[Material supplied]
|---|

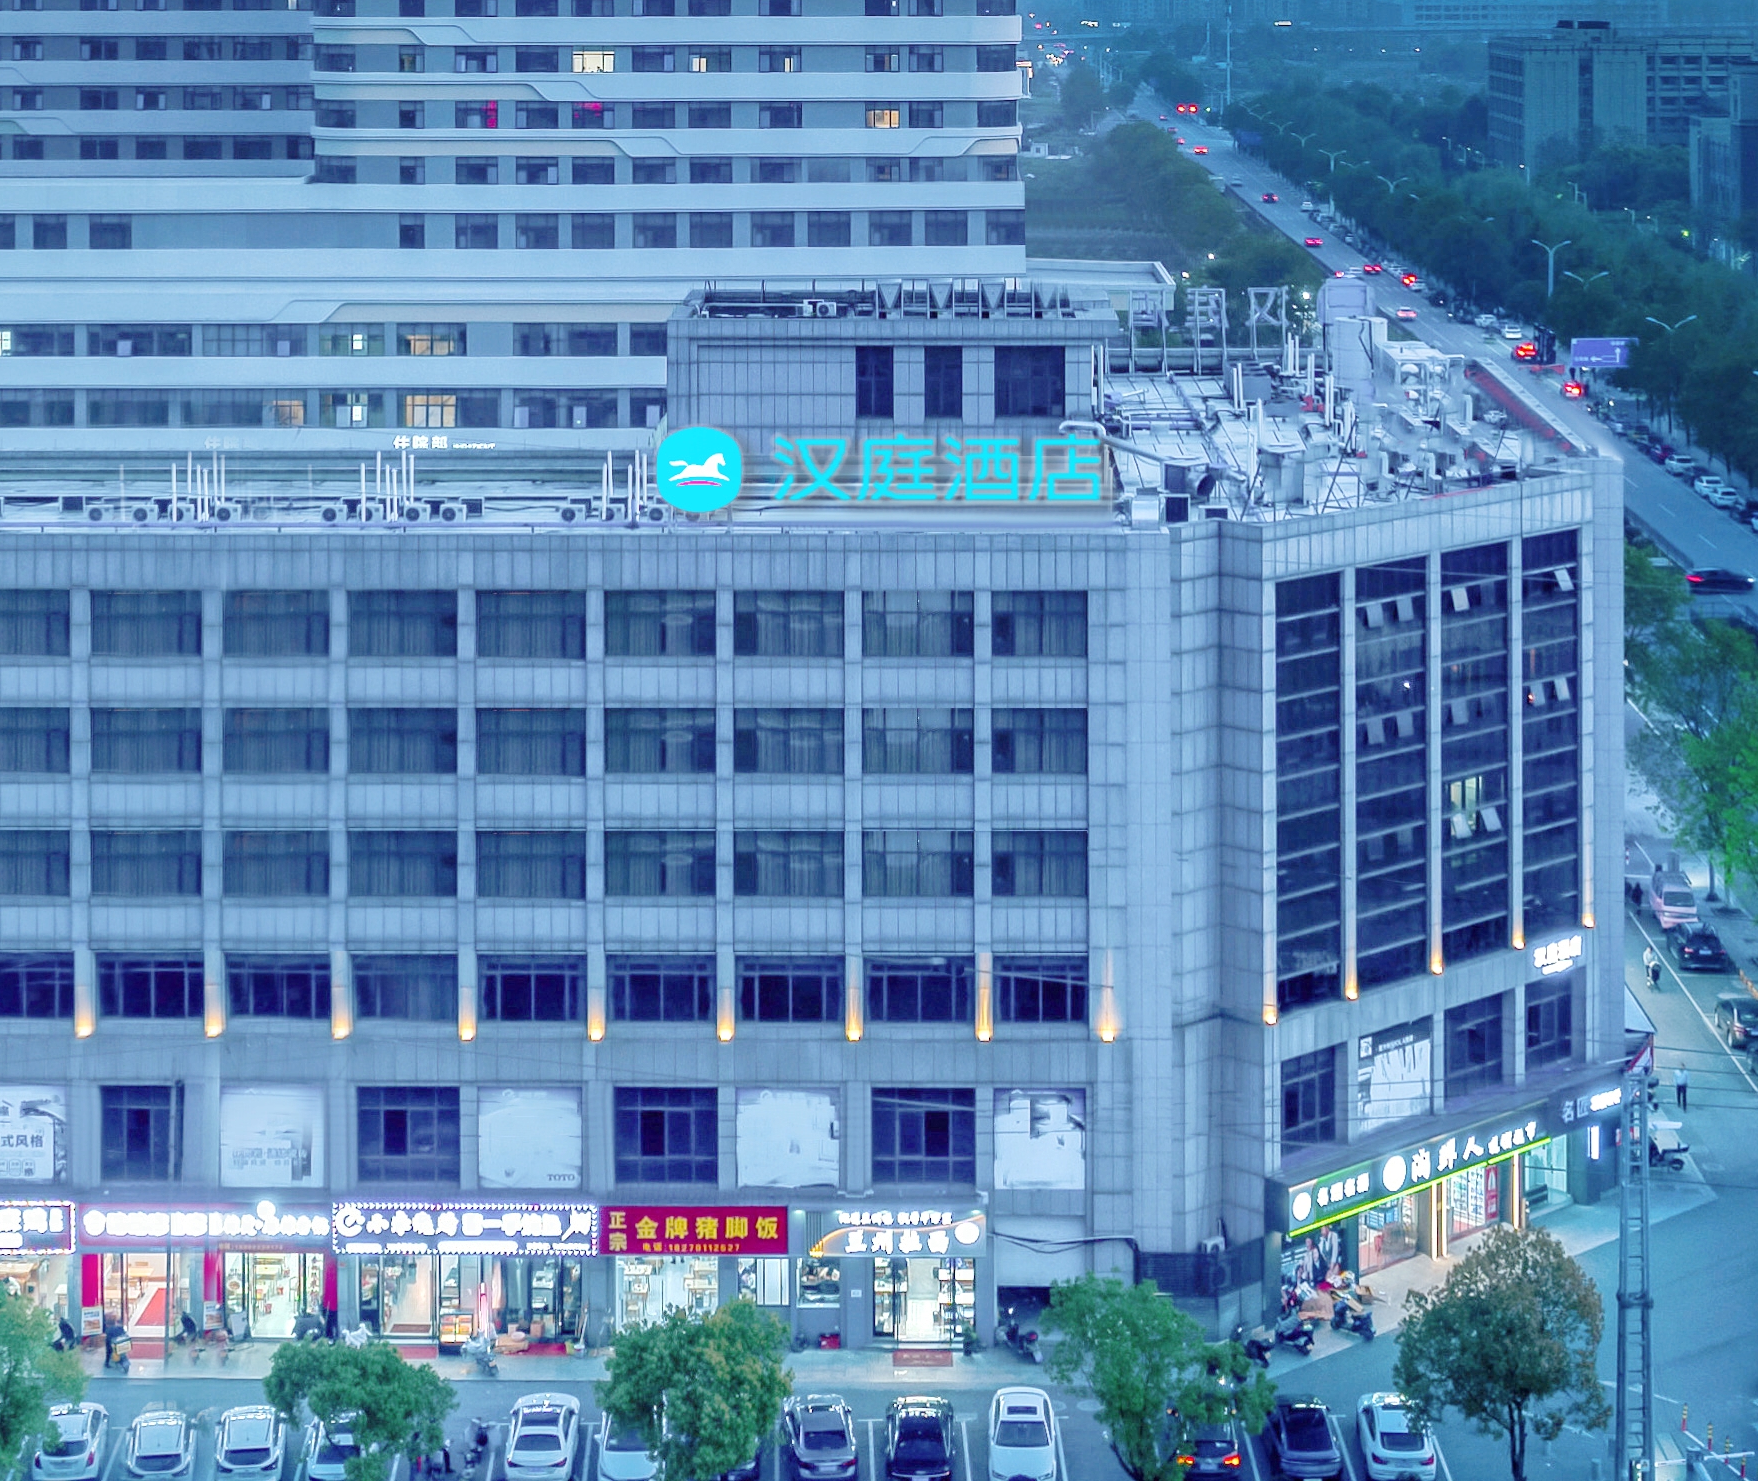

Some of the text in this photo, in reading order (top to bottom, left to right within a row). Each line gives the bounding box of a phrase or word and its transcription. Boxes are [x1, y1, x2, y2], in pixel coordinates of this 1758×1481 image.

[772, 433, 1102, 503] 汉庭酒店
[547, 1173, 575, 1181] TOTO
[608, 1210, 627, 1252] 正宗
[634, 1215, 779, 1241] 金牌猪脚饭
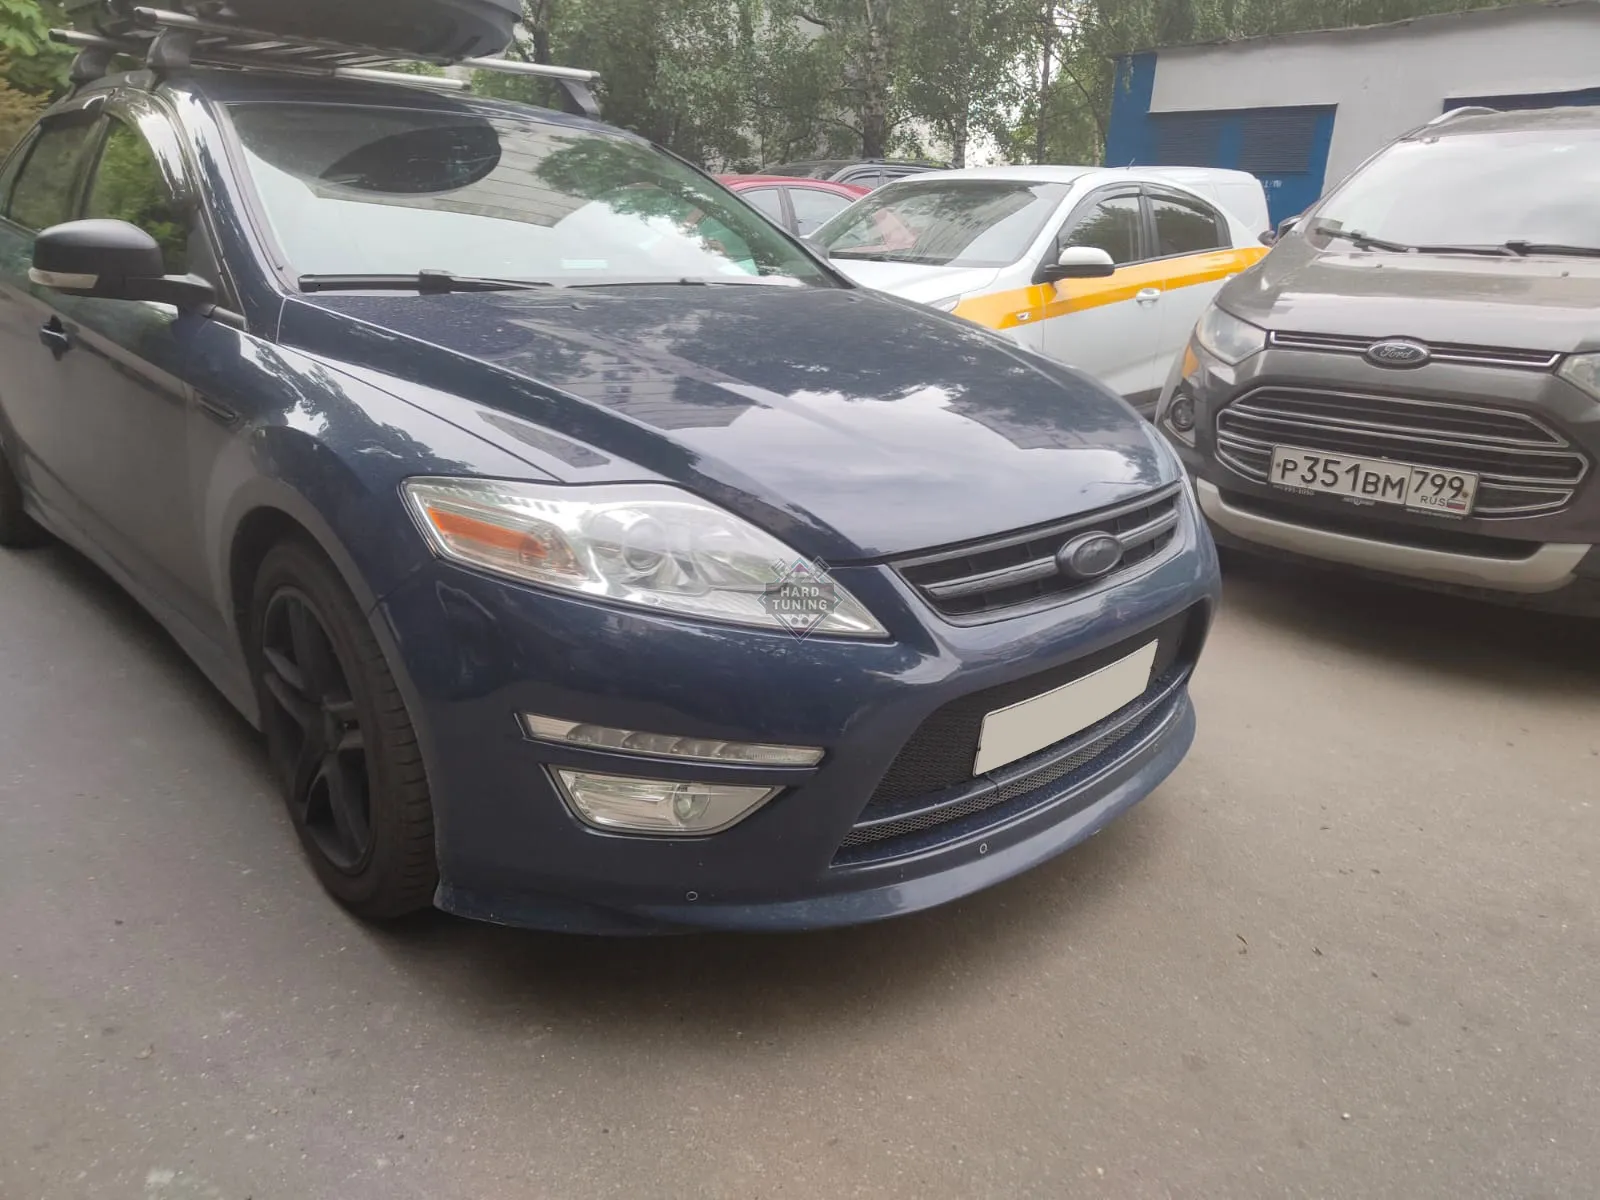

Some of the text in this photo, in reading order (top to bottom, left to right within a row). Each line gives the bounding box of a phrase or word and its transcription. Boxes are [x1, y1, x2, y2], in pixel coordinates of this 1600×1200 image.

[1380, 344, 1414, 359] Ford
[1414, 470, 1465, 499] 799
[1420, 495, 1446, 507] RUS

|---|

[What the task asks]
Output the entries above exactly as given, but strip out the pictures.

[Solved problem]
Some of the text in this photo, in reading order (top to bottom, left to right within a row). Each line gives the bounding box of a phrase or word and its transcription. Boxes are [x1, y1, x2, y2], in pixel coordinates of this 1758×1481 image.

[772, 433, 1102, 503] 汉庭酒店
[547, 1173, 575, 1181] TOTO
[608, 1210, 627, 1252] 正宗
[634, 1215, 779, 1241] 金牌猪脚饭

Some of the text in this photo, in reading order (top to bottom, left to right within a row). Each line gives the bounding box of a phrase or word and its transcription. Boxes are [x1, y1, x2, y2], in pixel coordinates of this 1600×1200 image.

[1380, 344, 1414, 359] Ford
[1414, 470, 1465, 499] 799
[1420, 495, 1446, 507] RUS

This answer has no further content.